Now, when the Girlfriend Tag was first put up, I was kind of scared. I'll be completely honest, the first time I saw a comment calling me a bitch, it hurt enough to make me almost cry, but Joe wrapped his arms around me and asked me one question that made me not bother anymore. "Yeah, but who's here with me now?" With that, all my shits flew away, and Joe and I made a game after hate comments.

So far we have fourteen comments on the video including the word bitch. Only five of which spelled the word all the way out. Thirteen of which are rude and the other one is, I guess, supposed to be nice, saying I like you Ruby. You my kinda bitch. It's honestly my favorite comment I've read so far.

"I'm glad you're okay with it." The brunette says, leaning forward to graze my cheek. He pokes a piece of hair behind my ear.

"Well, 'okay' isn't the best word. More like I just don't care." I shrug, before leaning for a small moment to press my forehead against his. "No big deal, right?" I mutter.

"No big deal." He smiles back. Before he can lean forward again, my phone begins ringing, somewhere in the sheets of the bed. I find it eventually and answer it before actually looking, not wanting to miss the call in case it's Regina.

"Ruby Marie." I hear a woman's voice say. It's my mom. I haven't talked to her in almost a month.

"Mom, why are you calling?" I ask. I catch Joe's eye across the bed and points a finger to the door, asking me if he needs to leave. I shake my head slightly and reach a hand out to hold his. For love, for support, I don't know. It just makes me feel better to know that Joe is here with me.

"I've been calling for weeks. I've been worried about you." She answers. I wish I could believe her. I really wish I could, but I just know her too well. She's about to ask me about my disorder and how my nightmares have been. She makes me talk about them, even though I hate that.

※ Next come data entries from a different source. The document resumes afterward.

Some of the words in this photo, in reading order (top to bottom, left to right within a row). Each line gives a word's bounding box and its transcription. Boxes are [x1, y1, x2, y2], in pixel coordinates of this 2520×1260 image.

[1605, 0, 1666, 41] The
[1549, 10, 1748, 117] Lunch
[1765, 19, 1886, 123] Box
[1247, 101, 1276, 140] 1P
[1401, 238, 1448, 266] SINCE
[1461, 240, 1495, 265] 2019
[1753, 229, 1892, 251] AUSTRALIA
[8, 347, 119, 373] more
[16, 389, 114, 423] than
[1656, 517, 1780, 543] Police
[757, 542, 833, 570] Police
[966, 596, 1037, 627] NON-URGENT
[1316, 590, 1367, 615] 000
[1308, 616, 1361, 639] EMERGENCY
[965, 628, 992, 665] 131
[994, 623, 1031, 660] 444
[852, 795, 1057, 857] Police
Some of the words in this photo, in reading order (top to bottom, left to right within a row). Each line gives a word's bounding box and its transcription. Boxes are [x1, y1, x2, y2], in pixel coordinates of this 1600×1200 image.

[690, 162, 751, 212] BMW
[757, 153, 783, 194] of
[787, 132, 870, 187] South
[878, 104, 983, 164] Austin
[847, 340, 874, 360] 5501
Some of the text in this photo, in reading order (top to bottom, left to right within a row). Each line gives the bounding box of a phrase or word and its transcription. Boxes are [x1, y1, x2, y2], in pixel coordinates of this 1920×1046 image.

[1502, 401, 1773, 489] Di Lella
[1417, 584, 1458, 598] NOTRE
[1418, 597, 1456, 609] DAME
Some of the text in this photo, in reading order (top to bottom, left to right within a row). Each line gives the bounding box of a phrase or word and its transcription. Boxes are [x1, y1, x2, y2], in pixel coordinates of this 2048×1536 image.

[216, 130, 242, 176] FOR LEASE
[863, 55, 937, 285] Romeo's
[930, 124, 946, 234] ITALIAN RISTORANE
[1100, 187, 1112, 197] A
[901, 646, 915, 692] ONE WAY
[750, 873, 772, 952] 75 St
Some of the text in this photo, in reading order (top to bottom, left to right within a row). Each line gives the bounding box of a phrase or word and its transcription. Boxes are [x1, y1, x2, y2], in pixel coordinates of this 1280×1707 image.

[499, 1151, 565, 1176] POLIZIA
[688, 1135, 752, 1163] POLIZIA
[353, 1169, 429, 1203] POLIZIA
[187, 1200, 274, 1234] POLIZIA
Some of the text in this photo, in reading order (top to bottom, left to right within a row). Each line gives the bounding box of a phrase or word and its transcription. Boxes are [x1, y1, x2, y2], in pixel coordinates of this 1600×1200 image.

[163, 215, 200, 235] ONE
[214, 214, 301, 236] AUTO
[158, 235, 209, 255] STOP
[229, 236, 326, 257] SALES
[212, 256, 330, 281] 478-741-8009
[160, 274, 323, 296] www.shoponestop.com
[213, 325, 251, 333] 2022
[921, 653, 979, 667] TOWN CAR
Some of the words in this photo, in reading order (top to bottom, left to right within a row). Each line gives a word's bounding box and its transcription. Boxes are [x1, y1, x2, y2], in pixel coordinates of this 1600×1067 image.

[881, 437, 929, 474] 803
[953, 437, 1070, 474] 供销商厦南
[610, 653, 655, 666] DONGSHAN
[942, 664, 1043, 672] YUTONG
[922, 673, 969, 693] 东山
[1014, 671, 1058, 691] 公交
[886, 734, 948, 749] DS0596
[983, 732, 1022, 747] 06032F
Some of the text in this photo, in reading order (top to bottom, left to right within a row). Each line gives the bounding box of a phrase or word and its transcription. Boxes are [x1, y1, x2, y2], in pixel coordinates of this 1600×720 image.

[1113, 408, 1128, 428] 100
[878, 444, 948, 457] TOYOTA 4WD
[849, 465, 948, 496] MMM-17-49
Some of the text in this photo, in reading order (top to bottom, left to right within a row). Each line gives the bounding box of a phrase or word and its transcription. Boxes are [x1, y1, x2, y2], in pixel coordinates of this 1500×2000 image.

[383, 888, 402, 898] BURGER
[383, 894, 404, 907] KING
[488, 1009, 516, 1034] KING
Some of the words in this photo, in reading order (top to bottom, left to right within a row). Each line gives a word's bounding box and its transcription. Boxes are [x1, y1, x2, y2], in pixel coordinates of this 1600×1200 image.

"Uh-huh, yeah." I say, trying to sound sincere, but it just comes off even more sarcastic than I originally intended. "I'm fine, Mom. Joe and Caspar take good care of me." Joe squeezes my hand a bit tighter in his, almost scaring me because I forgot that I wasn't alone.

Most times, my mother would just leave me by myself, even when I so desperately needed someone. She thought it would help, especially after my dad left. Solitude will help you forget things, that's for sure. But the things I forgot were not the things that I needed to forget. Instead of forgetting the nightmares, I forgot how much I loved her and Dad. I forgot almost what it's like to have a family.

"When are you going to come home, Ruby?" Mom asks.

Without any hesitation, I answer her. "I think I'm already home, Mom." I hear my mom sigh over the line. I know she's about to say something judgmental, so before she's able to begin speaking, I pull the phone from my ear and hang up.

"Short lived conversation." Joe comments, pulling my phone from my hands. He sets it on one of his bedside tables before scooting closer to me in bed. He wraps me in a close hug before I have time to register the tears on my cheeks.

I hate how much I miss my mom. She used to be the only person I had, but the older I got, the less we connected. I realized what had happened when I was younger. I started recognizing all the things that she was doing to me. Therapist after therapist. Prescription after prescription. When I was little, I didn't understand, but the older I got, the more I took in.